Task brief: Wherever "text" turns up in a line of the entries below, that line counts. Say how many such lines there are, with no other words.

───── Provided data

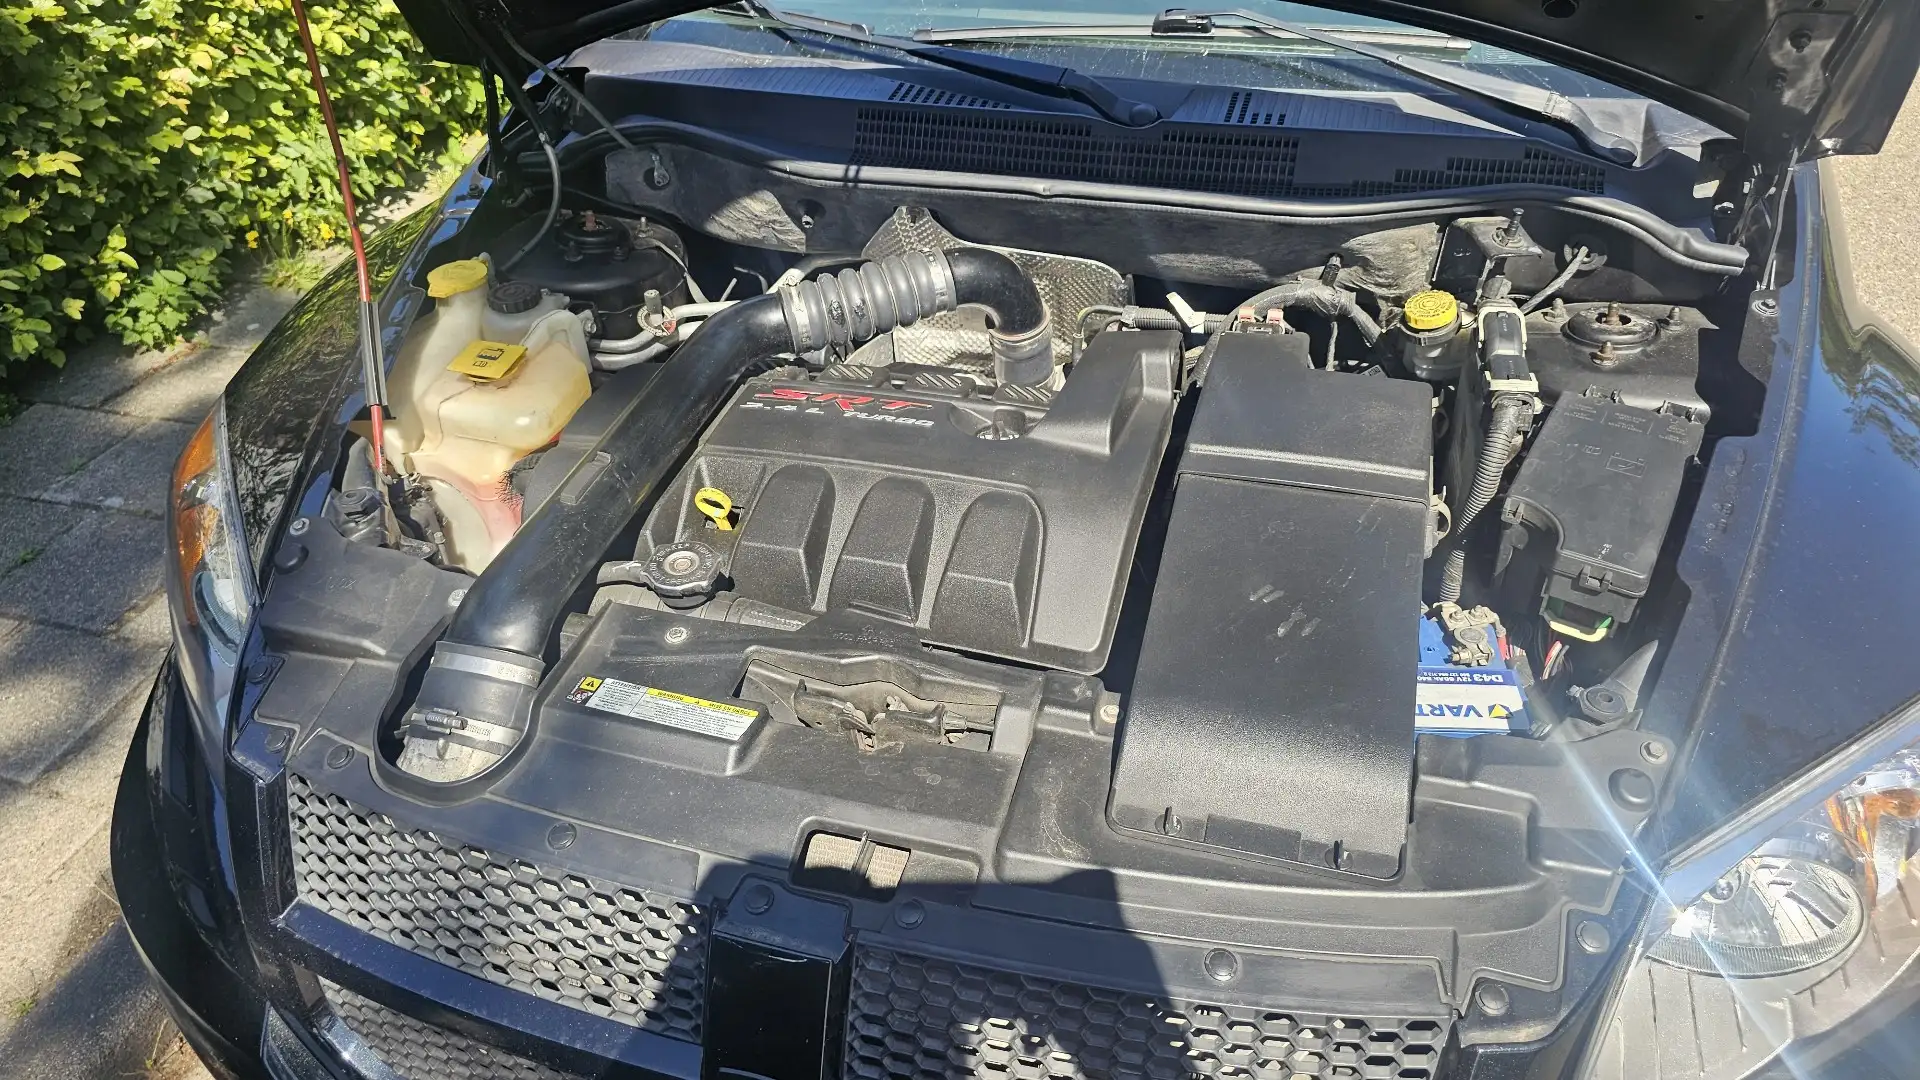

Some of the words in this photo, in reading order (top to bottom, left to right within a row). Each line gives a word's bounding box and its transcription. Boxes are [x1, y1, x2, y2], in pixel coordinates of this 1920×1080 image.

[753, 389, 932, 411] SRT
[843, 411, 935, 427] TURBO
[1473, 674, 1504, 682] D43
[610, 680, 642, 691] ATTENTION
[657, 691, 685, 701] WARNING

──────────
───── Provided data

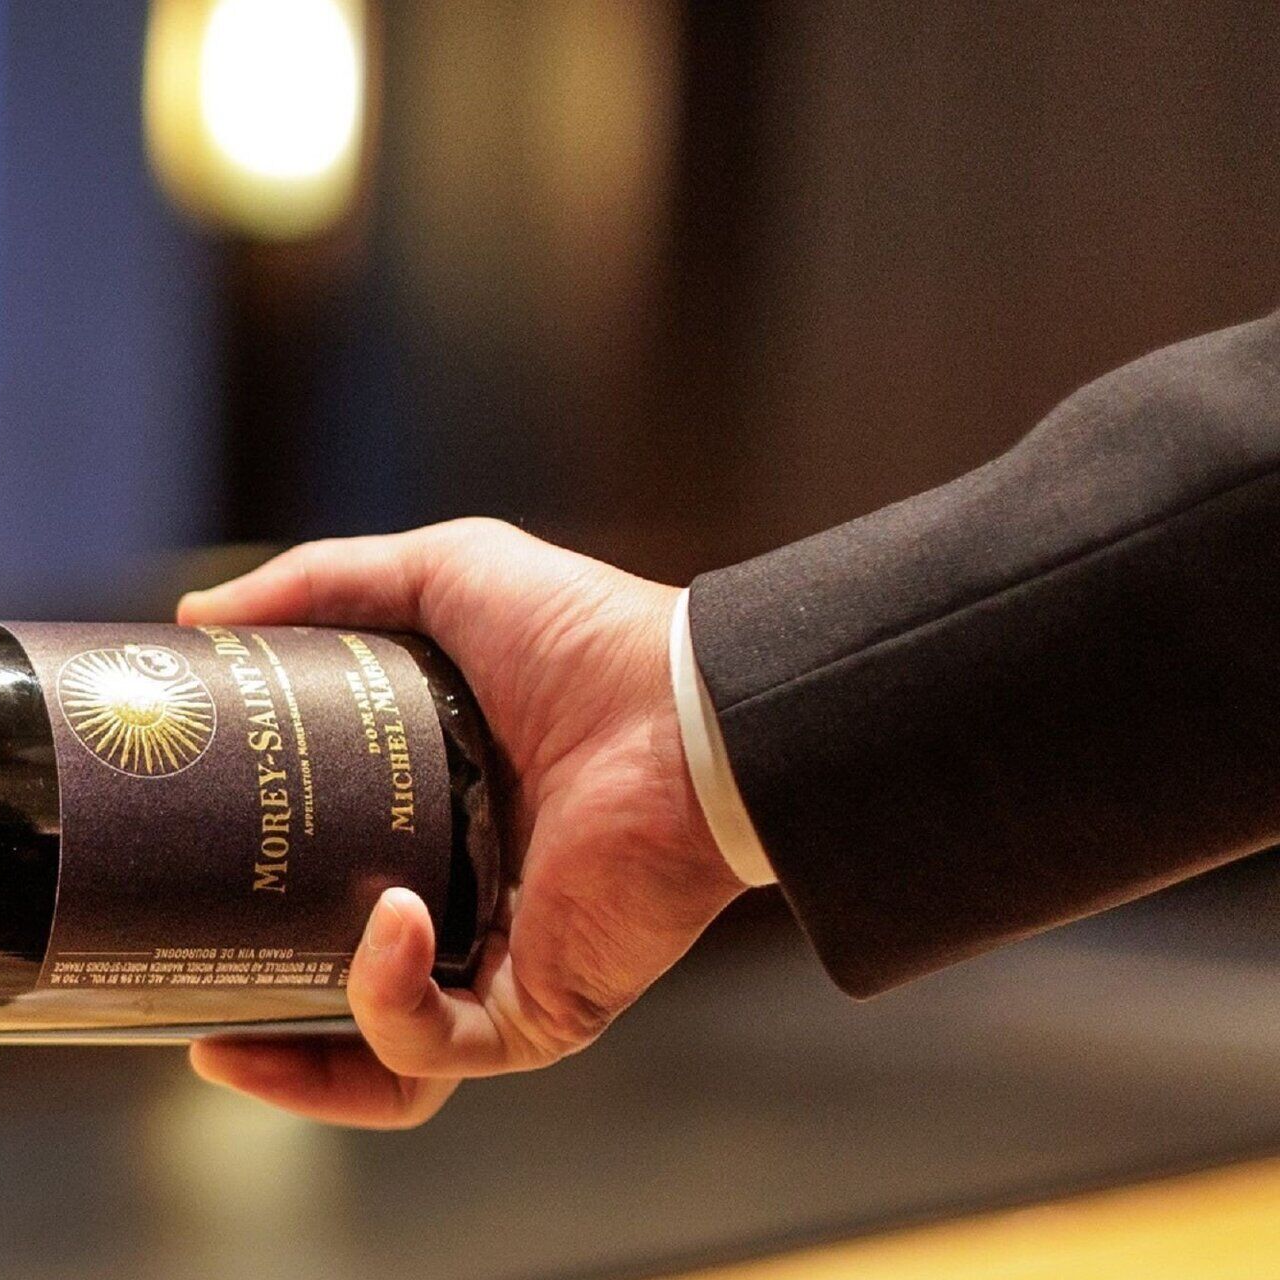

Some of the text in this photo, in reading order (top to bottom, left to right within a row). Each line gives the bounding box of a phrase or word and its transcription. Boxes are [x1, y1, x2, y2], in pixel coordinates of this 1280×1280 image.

──────────
───── Provided data

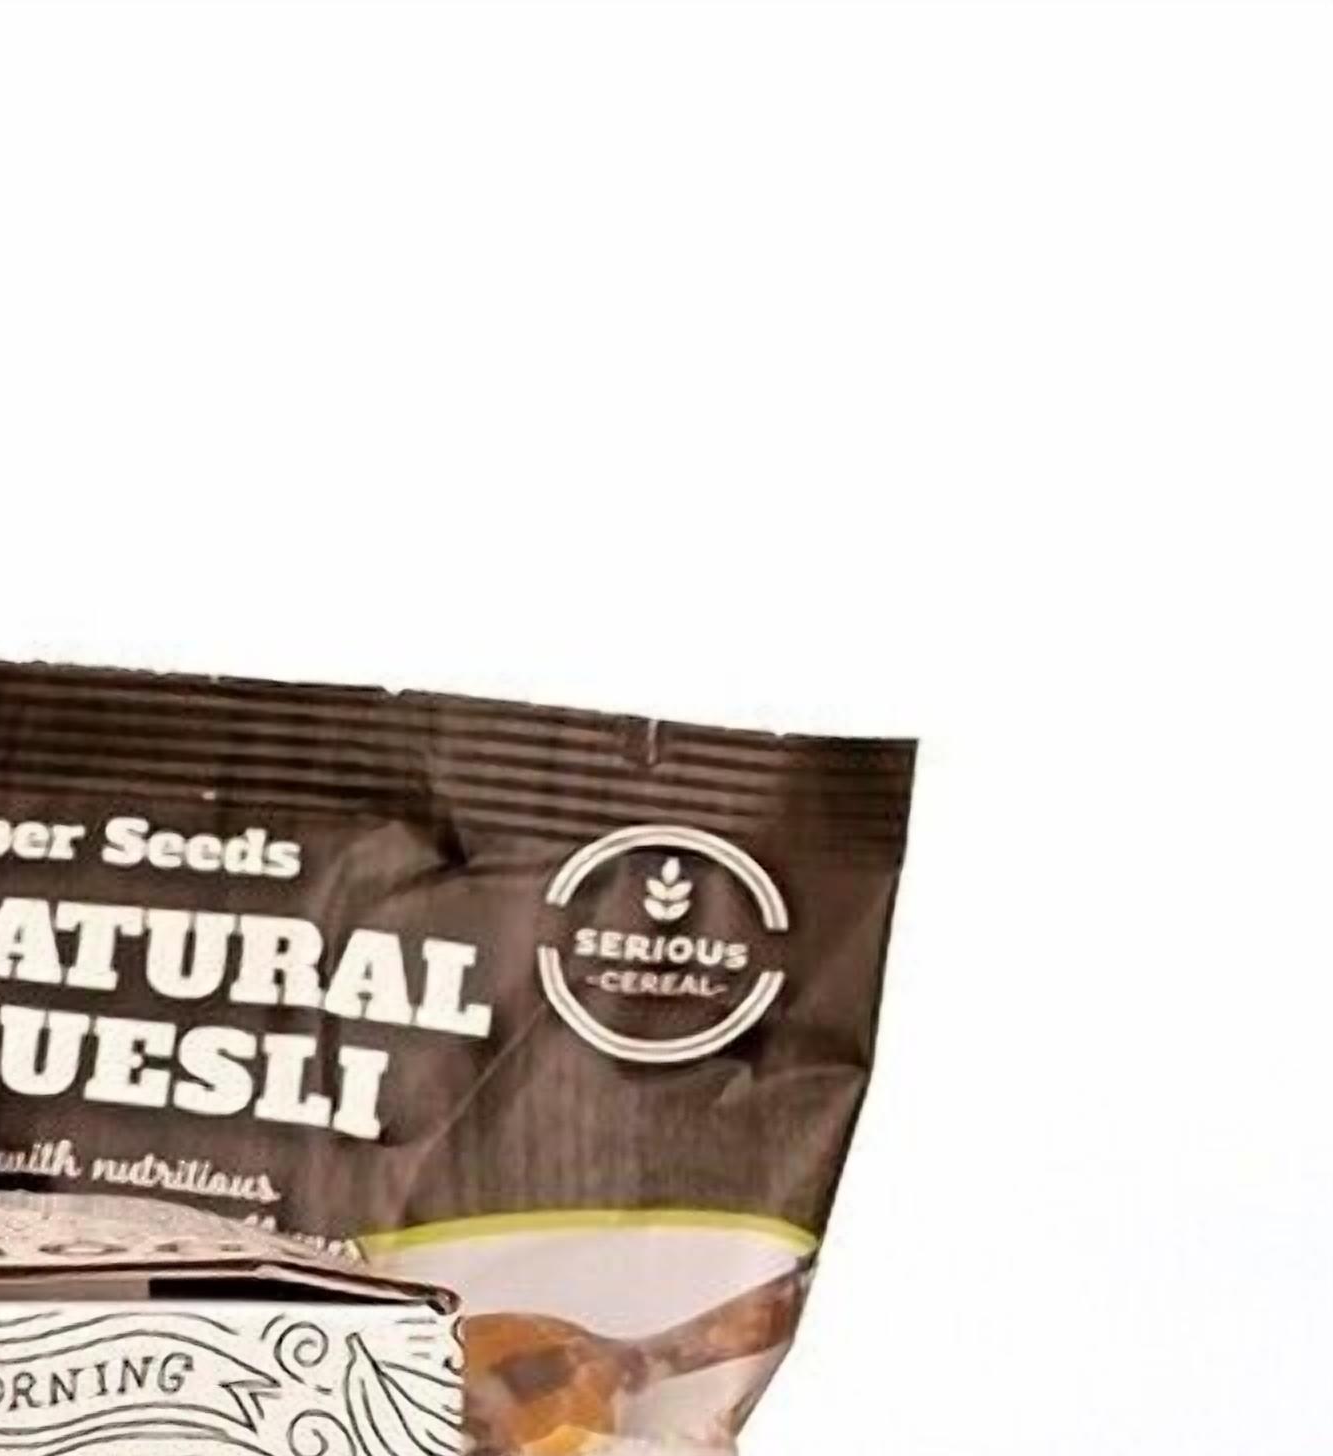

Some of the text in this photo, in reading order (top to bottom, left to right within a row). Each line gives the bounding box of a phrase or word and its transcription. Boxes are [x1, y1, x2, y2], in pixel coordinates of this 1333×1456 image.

──────────

Worked solution: 2